Perhaps reflecting the changes, interest in psychotherapy has surged throughout the pandemic, some therapists said.
Talkspace, an online treatment delivery platform, has seen a 60% increase in the number of active individual users in the year since March 2020, said company spokesperson John Kim.
The number of teens seeking therapy on BetterHelp has nearly quadrupled since 2019, said a spokeswoman for the online therapy company.
A therapist practicing in the United States says she has observed clients struggle to navigate the boundaries of pandemic life and cope with shifting social norms.
Nedra Glover Tawwab, a Charlotte, North Carolina-based therapist with more than a million Instagram followers, says discomfort escalates as people slowly reintegrate into past routines like working in an office. said he noticed that
“We’ve gotten so used to being isolated that now we think we like it,” Grover Tawwab said. “But is that really who you are? Or is that something you had to accept in the meantime?
Delta Hunter, New York City therapist social anxiety therapy groupsaid the pandemic had “exacerbated” pre-existing fears.
“People want to connect and work together, and we just haven’t been able to do that,” says Hunter. “It made people feel really lost.”
Young adults, especially teenagers, face greater limitations to the activities and experiences typical of adolescence and adolescence, Sutin’s study concludes. They found that people under the age of 30 had the steepest declines in conscientiousness and agreeableness.
“When your whole world goes virtual, you lose the training ground to be more honest,” Harmon said, adding that there was a lot of social unrest among the younger generation. -Personal experience and coping skills.
A few months ago, Anviksha Kalscheur’s clinic in Chicago established a teen support program to help young people deal with feelings of disconnection and isolation.
Teenagers express an overall negative outlook on the future, increasing their social anxiety. I noticed that there are “slightly dark clouds”.
Connections, attachments and interactions with others are important for developing personality, Kalscheur said, adding that identities and personalities are still formed in teenagers.
“You’re at that stage of development, and they’re not receiving things like cues, attachments, learning, and other events that you don’t really think about,” she said.
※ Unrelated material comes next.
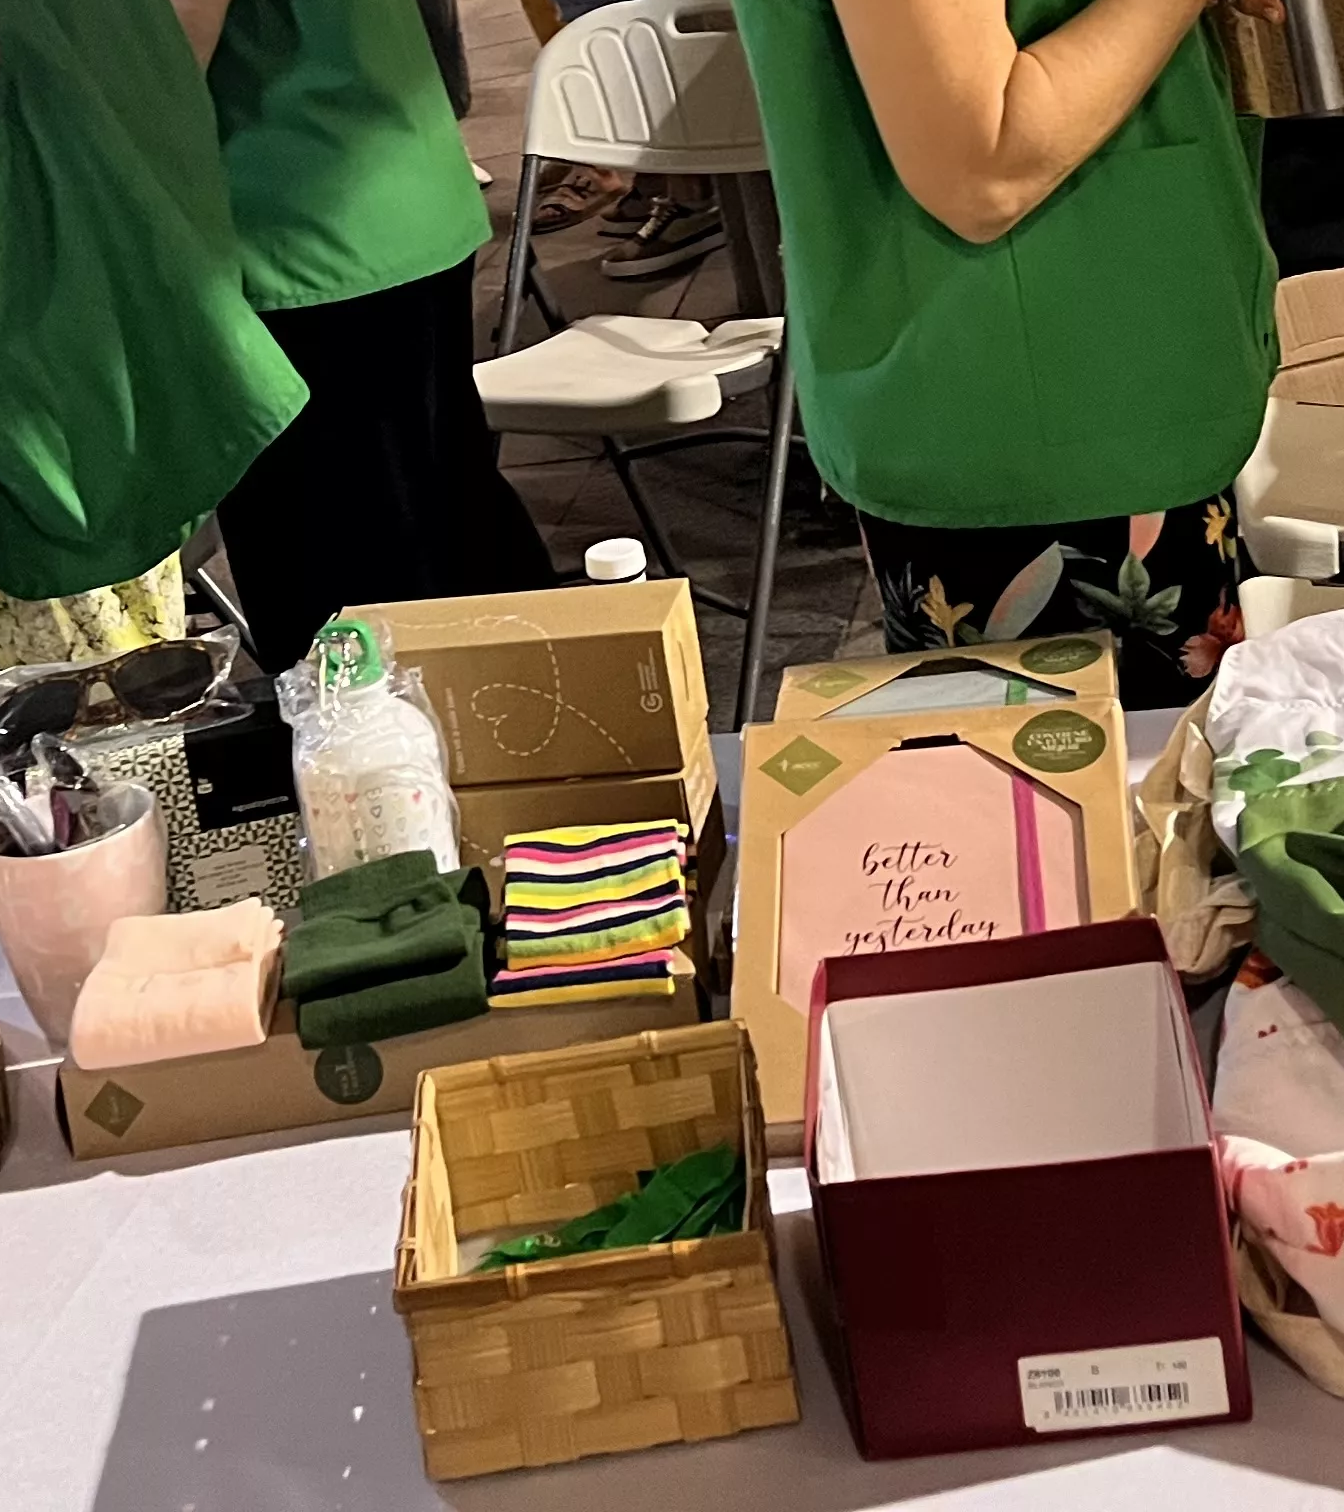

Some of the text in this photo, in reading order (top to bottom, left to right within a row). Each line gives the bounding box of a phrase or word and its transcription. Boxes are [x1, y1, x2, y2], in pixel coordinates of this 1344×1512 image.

[862, 841, 958, 876] better
[868, 875, 961, 912] than
[840, 909, 1000, 956] yesterday
The environment has a huge impact in that particular time frame.”
How long will the change in Pandemic period Whether it will persist remains an open question, the study authors say.
Therapists, including Grover Tauwab, said the transition period to face-to-face life after the worst of crises may offer opportunities to slowly reintegrate and reconnect with people and experiences in a more intentional way. .
“This is a great time to really observe what you miss and what you enjoy being away from,” she said. have time to do it.”